*Task instructions*.
The records that follow are to be repeated exactly, without any pictures.

::: Extracted material :::

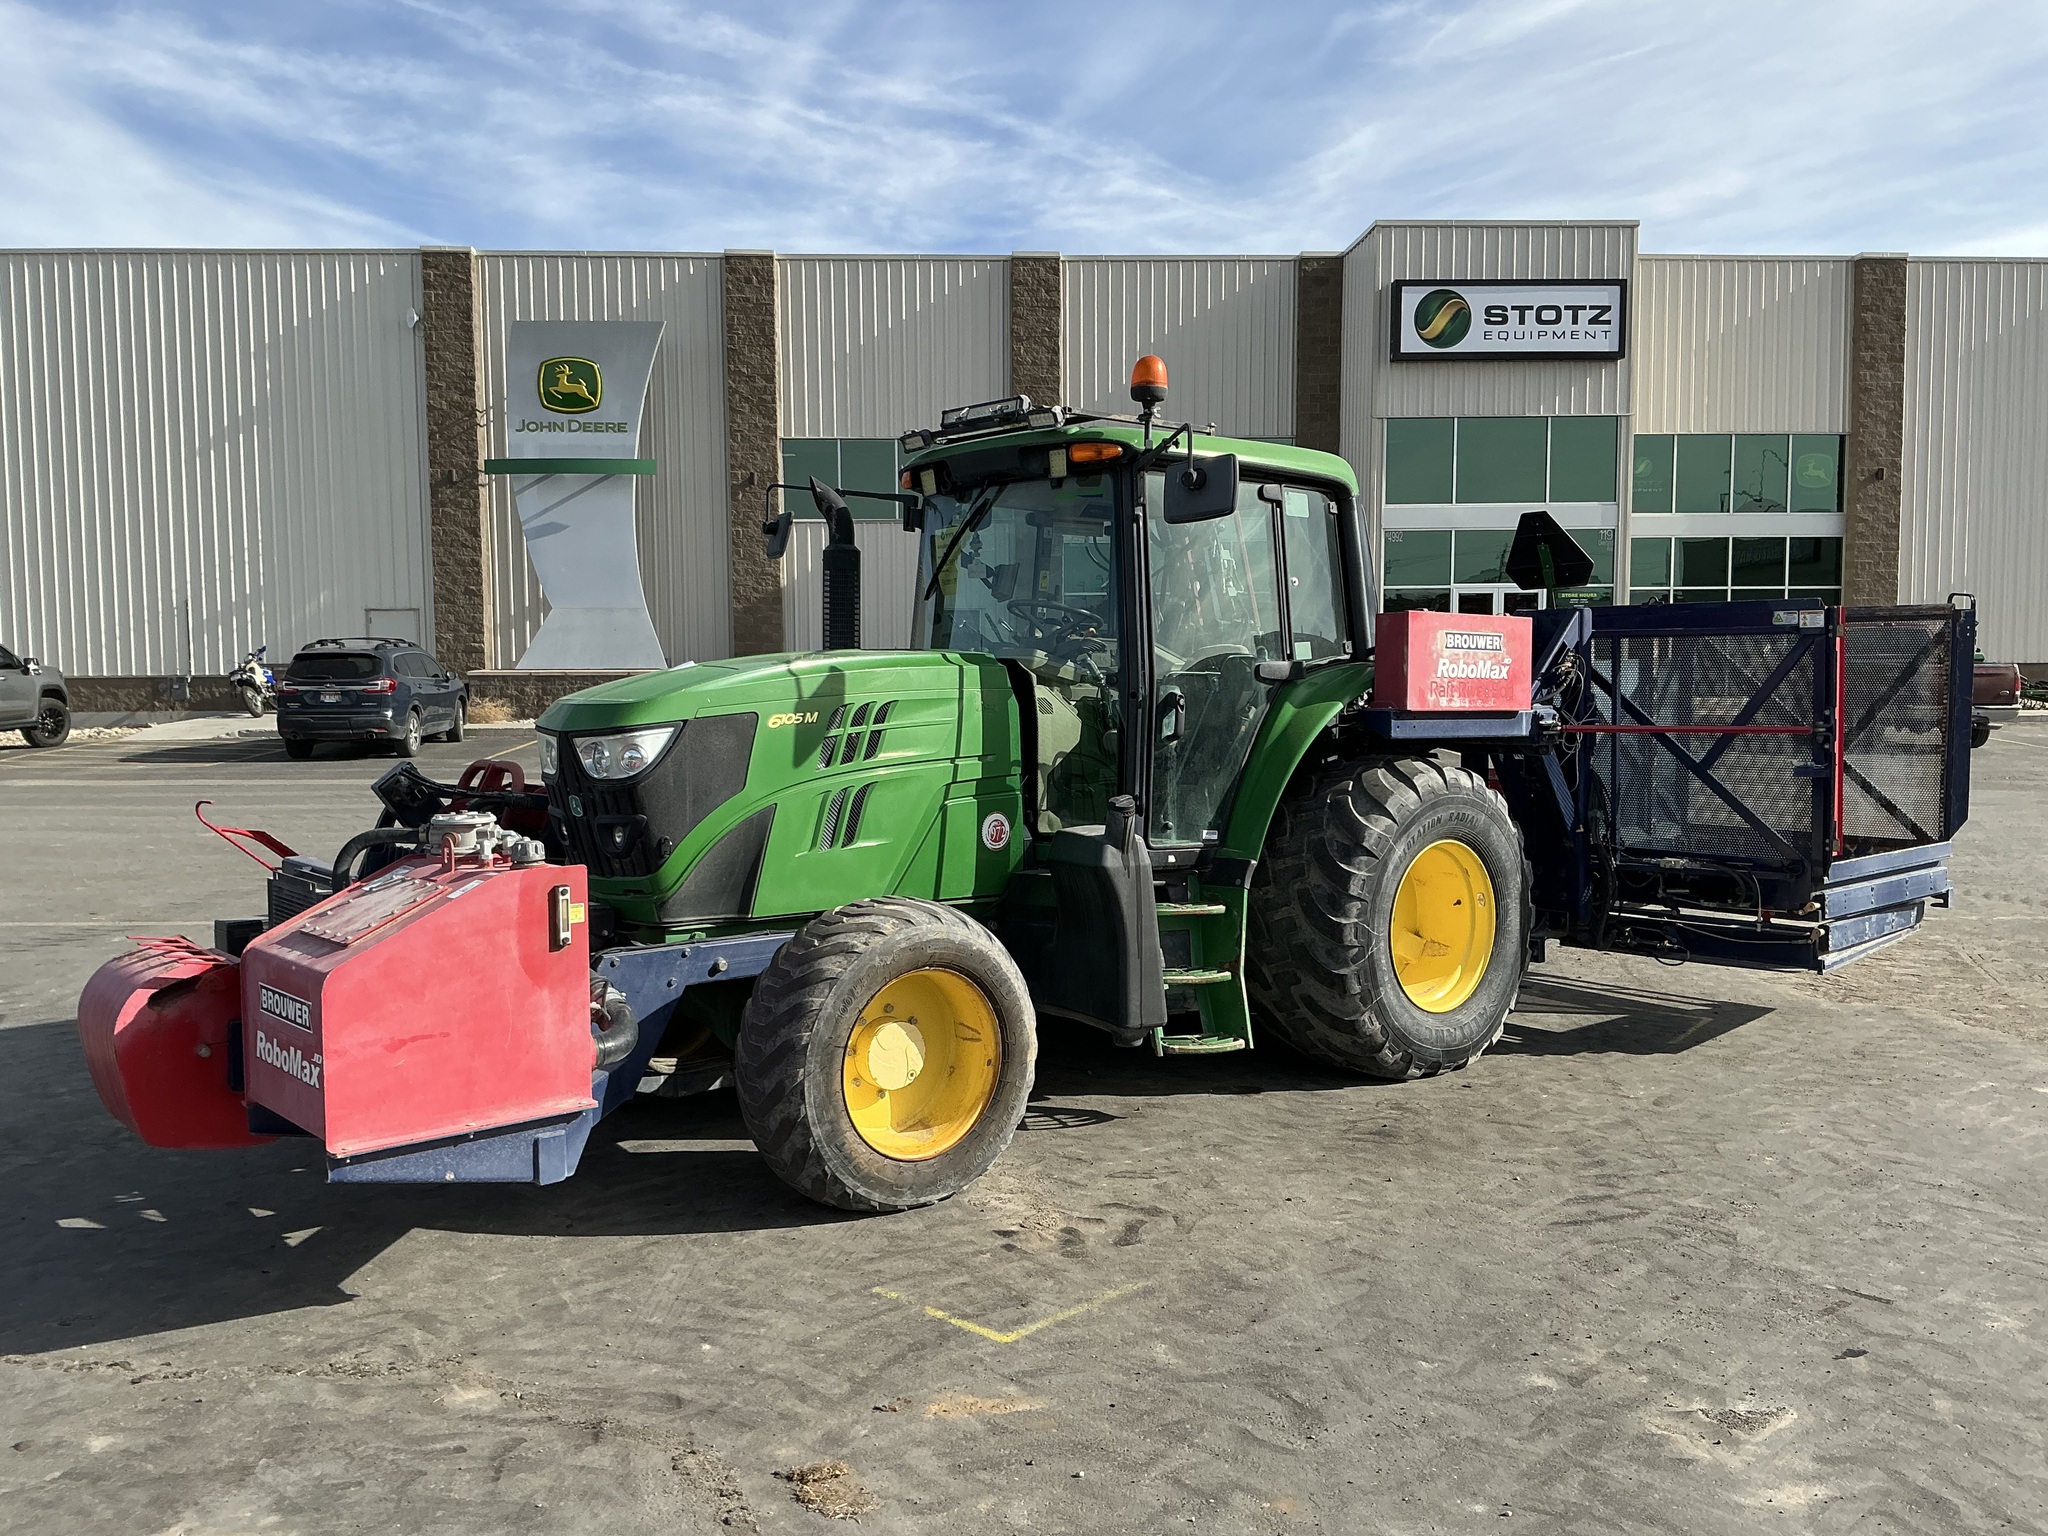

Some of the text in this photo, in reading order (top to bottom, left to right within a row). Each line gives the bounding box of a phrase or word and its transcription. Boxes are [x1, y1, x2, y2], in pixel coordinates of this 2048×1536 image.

[1483, 304, 1612, 326] STOTZ
[1483, 330, 1612, 342] EQUIPMENT
[515, 419, 628, 433] JOHN DEERE
[1446, 633, 1501, 650] BROUWER
[1436, 658, 1510, 680] RoboMax
[1430, 681, 1454, 698] Raft
[1448, 811, 1480, 828] RADIAL
[261, 988, 310, 1027] BROUWER
[256, 1030, 320, 1089] RoboMax

:::

*Task output*.
Some of the text in this photo, in reading order (top to bottom, left to right within a row). Each line gives the bounding box of a phrase or word and its transcription. Boxes are [x1, y1, x2, y2], in pixel coordinates of this 2048×1536 image.

[1483, 304, 1612, 326] STOTZ
[1483, 330, 1612, 342] EQUIPMENT
[515, 419, 628, 433] JOHN DEERE
[1446, 633, 1501, 650] BROUWER
[1436, 658, 1510, 680] RoboMax
[1430, 681, 1454, 698] Raft
[1448, 811, 1480, 828] RADIAL
[261, 988, 310, 1027] BROUWER
[256, 1030, 320, 1089] RoboMax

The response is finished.